An Economical First Solo

Some pilots won’t allow the cost of learning to fly get in their way.

Learning to fly is simply too expensive, especially for young people … or at least that’s the complaint the industry hears again and again. Julia Lair, a high school sophomore in Sioux Falls South Dakota understands budget concerns, as well as any other fledgling aviator, but she didn’t let the cost become a barrier to her dream of becoming a pilot.

Julia Lair soloed a Cessna 172 operated by the Civil Air Patrol last November from the Lincoln County Airport a few miles southwest of Sioux Falls. Adding to the thrill of practicing everything her flight instructor taught her, Julia’s flight was also a present to herself as well since she soloed on her 16th birthday.

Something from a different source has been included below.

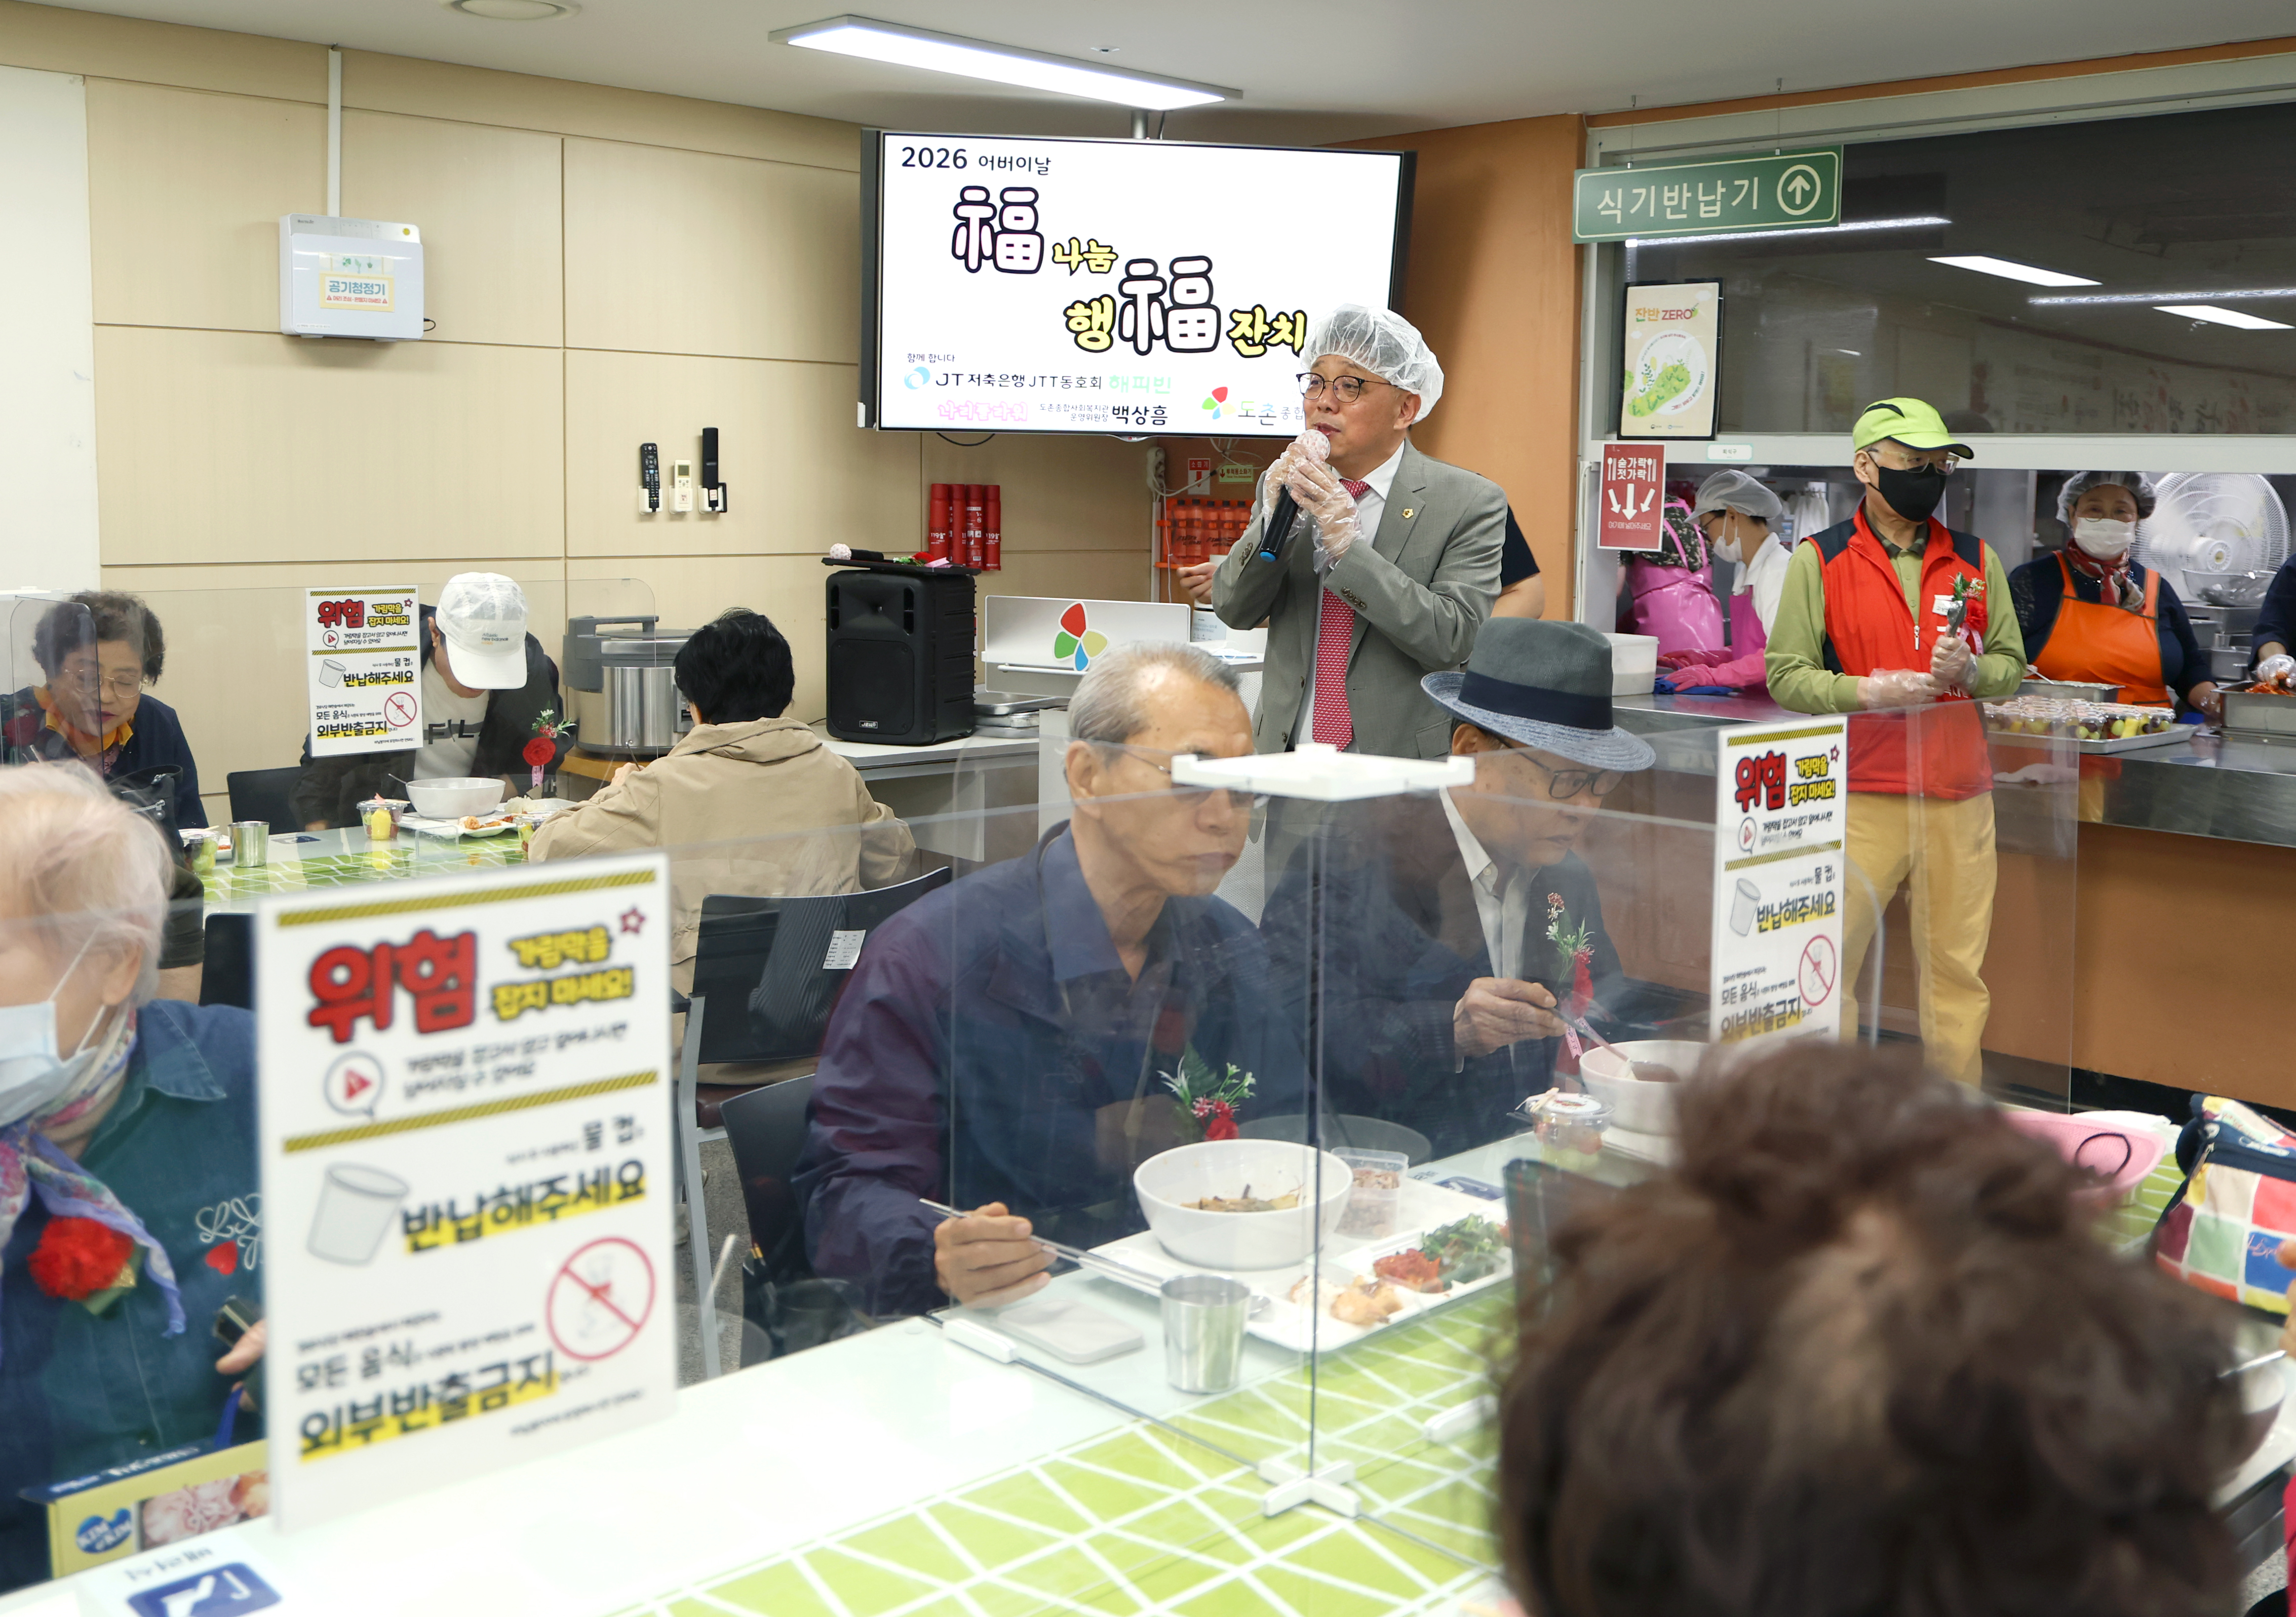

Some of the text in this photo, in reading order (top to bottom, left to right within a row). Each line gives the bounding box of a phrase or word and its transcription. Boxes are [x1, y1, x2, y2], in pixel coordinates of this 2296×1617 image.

Some might say Julia is luckier than many aspiring pilots because aviation has been a part of her family as far back as she can remember. Her father Greg Lair has been flying the family’s Beech B-35 Bonanza for years from Lincoln County, when he wasn’t piloting a Boeing 777 for United Airlines or an F-16 for the South Dakota Air National Guard. Julia’s dad, also a flight instructor and a vice-commander in local CAP, told Flying, “The CAP offers young people the chance to fly at much less cost than a traditional flight school while they also serve as cadets. These young pilots pay only for the hourly cost of the Cessna 172. CAP instructors donate their time.” The senior Lair said the hourly cost of the CAP 172 is about $80, still no small amount of change for a 16-year old. To help defray some of those expenses, Julia earned a CAP scholarship.

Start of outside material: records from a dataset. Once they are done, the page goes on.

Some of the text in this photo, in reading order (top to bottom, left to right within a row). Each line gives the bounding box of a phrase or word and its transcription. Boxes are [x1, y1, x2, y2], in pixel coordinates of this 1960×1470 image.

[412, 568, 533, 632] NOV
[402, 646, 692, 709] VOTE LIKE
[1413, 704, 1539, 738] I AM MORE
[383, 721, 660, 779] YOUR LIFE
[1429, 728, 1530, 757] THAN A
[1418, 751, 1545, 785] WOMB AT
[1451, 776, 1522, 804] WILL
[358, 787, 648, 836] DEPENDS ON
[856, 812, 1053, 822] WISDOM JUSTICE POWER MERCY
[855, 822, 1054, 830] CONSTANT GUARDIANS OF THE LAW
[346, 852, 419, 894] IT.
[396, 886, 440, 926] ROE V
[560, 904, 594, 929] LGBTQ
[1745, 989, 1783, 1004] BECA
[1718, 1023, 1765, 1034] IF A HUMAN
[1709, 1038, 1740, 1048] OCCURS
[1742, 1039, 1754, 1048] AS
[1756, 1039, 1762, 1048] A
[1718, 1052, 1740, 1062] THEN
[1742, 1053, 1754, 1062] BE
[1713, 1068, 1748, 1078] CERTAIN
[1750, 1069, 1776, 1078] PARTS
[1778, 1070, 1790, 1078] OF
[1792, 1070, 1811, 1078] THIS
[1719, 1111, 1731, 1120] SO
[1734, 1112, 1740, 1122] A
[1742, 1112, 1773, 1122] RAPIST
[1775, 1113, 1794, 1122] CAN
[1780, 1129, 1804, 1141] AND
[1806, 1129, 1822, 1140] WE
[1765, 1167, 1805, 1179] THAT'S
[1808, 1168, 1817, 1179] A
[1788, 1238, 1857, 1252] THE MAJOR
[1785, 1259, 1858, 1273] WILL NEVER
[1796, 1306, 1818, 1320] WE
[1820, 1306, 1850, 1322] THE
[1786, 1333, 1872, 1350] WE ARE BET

“I wanted to learn to fly for as long as I can remember,” Julia said. “I know I want aviation to be a part of my life, whether or not it’s the main part of life. I’m looking at being a fighter or test pilot in the military and an aeronautical engineer,” she added. The U.S. Air Force Academy is high on her list of possible colleges after high school too. “I have friends who have never even flown before who are amazed when I tell them I’m taking flying lessons. They say oh I could never do that, but then I tell them they really can, if they put in the time and effort.” She tells them to get involved in as many things like CAP as possible. Julia’s been involved with CAP since age 12. “I still go to local EAA meetings and of course to Oshkosh.”

Adding to the fun of her first solo is the ability to go back and relive the event thanks to a handful of GoPro cameras that were strategically located around the 172’s cockpit during her flight. A local producer, Alex Herold, turned some of the footage and some voiceover from local TV station KDLT into a professional grade production.

Greg Lair said it’s been a lot of fun and an impressive experience to watch how his daughter handles an airplane, something he’s been very closely involved with since he actually doubled as Julia’s dad and her flight instructor. “I certainly got to know my daughter in a different way, how she applies herself,” he said. “To see that side of her. I realize she’s not the same little girl I played ball with in the back yard. She’s an all velocity girl.” After a brief moment, Greg added that teaching Julia to fly was much easier than teaching her to drive.